== Problem to work on ==
Repeat every line below exactly as it reads.

== Data for this task ==

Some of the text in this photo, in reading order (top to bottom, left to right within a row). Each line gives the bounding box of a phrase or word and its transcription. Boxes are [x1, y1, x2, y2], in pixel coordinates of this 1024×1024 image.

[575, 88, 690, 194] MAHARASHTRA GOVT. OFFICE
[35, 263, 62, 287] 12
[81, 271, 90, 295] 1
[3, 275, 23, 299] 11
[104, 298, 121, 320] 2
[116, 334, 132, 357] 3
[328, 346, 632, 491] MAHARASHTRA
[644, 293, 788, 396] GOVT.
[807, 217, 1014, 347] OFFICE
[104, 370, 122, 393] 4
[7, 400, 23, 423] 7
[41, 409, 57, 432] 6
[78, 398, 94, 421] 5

== Response to this exercise ==
Some of the text in this photo, in reading order (top to bottom, left to right within a row). Each line gives the bounding box of a phrase or word and its transcription. Boxes are [x1, y1, x2, y2], in pixel coordinates of this 1024×1024 image.

[575, 88, 690, 194] MAHARASHTRA GOVT. OFFICE
[35, 263, 62, 287] 12
[81, 271, 90, 295] 1
[3, 275, 23, 299] 11
[104, 298, 121, 320] 2
[116, 334, 132, 357] 3
[328, 346, 632, 491] MAHARASHTRA
[644, 293, 788, 396] GOVT.
[807, 217, 1014, 347] OFFICE
[104, 370, 122, 393] 4
[7, 400, 23, 423] 7
[41, 409, 57, 432] 6
[78, 398, 94, 421] 5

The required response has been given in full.